深津式プロンプトシステムをExcelに実装してみた(無料サンプルファイルあり)
noteのCXOである深津貴之さんといえば、ChatGPTが登場したとき、イノベーター(先駆者)的にその使い方を極めた人物です。どういう指示を出せば望む回答を得られるか、誰もが苦労している時期に「こうすればよい」を啓示してくれた深津さんに感謝です。
とはいえ、2023年2月に公開されたライブでの発表ですし、その後のいろいろな改良や発見は含まれません。
今回は、Excelアドイン『生成AIツール for Excel』での実装を例に、2023年12月のベストプラクティスをご紹介します。
2023年3月以降のプロンプトエンジニアリング
ChatGPTの使い方は、2023年3月を境に変わっています。ChatGPTをWebブラウザー内のチャットとして(またはアブリから)使っていると気付きにくいですが、3月1日にAPIとして「チャット補完API(Chat Completion API)」が登場し、従来の「補完API(Completion API)」が「レガシー(今後のバージョンアップなし)」になったのです。API名に「チャット」が入っているかいないかの違いなのでわかりにくいですが、新しいAPIは会話全体をシステムに送信し、この会話の続きを生成せよ、という指示の仕方ができます。従来のAPIでは単純に「このテキストの続きを生成せよ」という意味で指示していたのが、新しいAPIでは「この会話の続きを生成せよ」の意味で指示するように変わったのです。
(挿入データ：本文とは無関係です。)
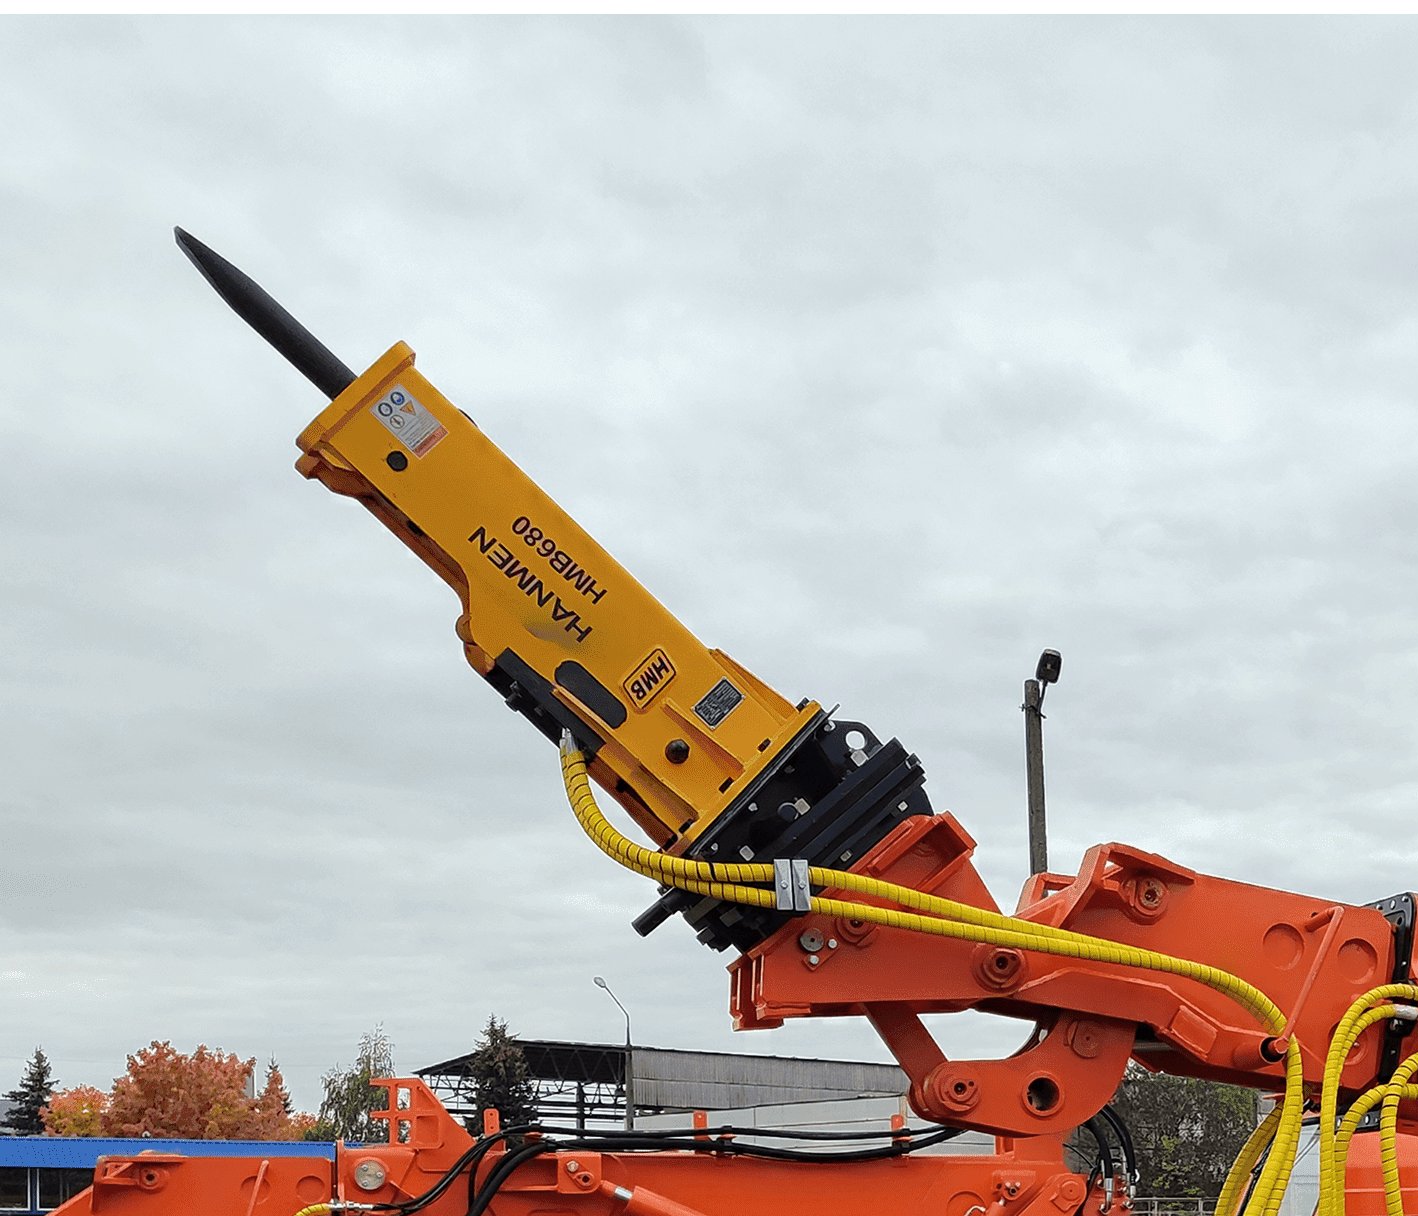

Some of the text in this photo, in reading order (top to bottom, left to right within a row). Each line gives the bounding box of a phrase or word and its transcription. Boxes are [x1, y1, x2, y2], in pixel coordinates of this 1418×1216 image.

新APIの発表以降、おもに英語圏のプロンプトエンジニアリングでは、アシスタント(AI)への指示と会話内容を明確に分離することで、期待するAIの動作と命令を分けましょう、という流れが優勢になりました。
深津式プロンプトシステムは2023年2月が初出なので、AIへの指示をプロンプト内に記述している点で「昔のやり方」です。今回紹介する方法では、この方法を勝手にバージョンアップし「新しいやり方」に適応させます。
アシスタントへの指示とは?
「アシスタント(AI)への指示」とは何でしょうか。「プロンプトエンジニアリング」という言葉を聞いたことがなくても、ChatGPTへの指示に「プロの編集者として回答してください」のような役割を入れると、出力されるテキストの品質が向上する、という話は聞いたことがあるんじゃないでしょうか。試しにやってみましょう。
ChatGPTにとって「プロのルポライター」は体言止めなのが面白いですが、確かに「感動しました」と書くより「圧倒された」と書いたほうが書き手の感動が伝わってプロっぽいです。チャット補完APIでは、以下のようにAPIへの指示を記述します。
async function main() {
const completion = await openai.chat.completions.create({
messages: [{"role": "system", "content": "あなたはプロのルポライターです。"},
{"role": "user", "content": "北海道旅行の思い出を100字くらいで投稿したいです。内容を考えてください"}],
model: "gpt-3.5-turbo",
});
もちろん、誰もがAPI経由でChatGPTを使えるわけではありません。そこで、Excelアドイン『生成AIツール for Excel』の出番です。
BB.CHAT関数を使う
『生成AIツール for Excel』のBB.CHAT関数は、Excelからチャット補完APIを使うための方法です。上記のJSON形式でのデータは、プログラマー以外には嗚咽ものの難解さがありますが、同じことをExcelの表で表現すると、こんなに簡単になります。
深津式プロンプトシステムとは?
深津式プロンプトシステムとは、以下のような書式のことです。
太字部分は毎回変わる部分、それ以外はテンプレート的に使い回せる部分です。こういうのはExcelならこちらのように記述できます。
背景色をクリーム色にして、ここに入力して、と示すのはいかにもExcelフォームですよね。そういうふうに作ってみました。1シート1案件のように管理すれば、どの案件でどのように指示して何が出力されたか、Excelファイルとして取っておけます。チャット画面で一生懸命指示を書いている人に、ちょっとだけ差が付けられます。Excelファイルは、以下からダウンロードできます。
ご利用にはOpenAIのアカウント、クレジットカードの登録が必要です、ChatGPT PlusのサブスクユーザーでもAPI利用料金が別にかかりますが、API利用料金は格安ですので、チャットだけの利用であれば、ChatGPT Plusが割高であることがわかると思います。ちなみに、この原稿を書くためにかかったAPI料金は試行錯誤を含めて0.04ドル(約6円)でした。
API経由でChatGPTを使うと、AIがとんでもなく割安で利用できることがわかると思います。AI革命を体感するには、API経由のほうがよいです。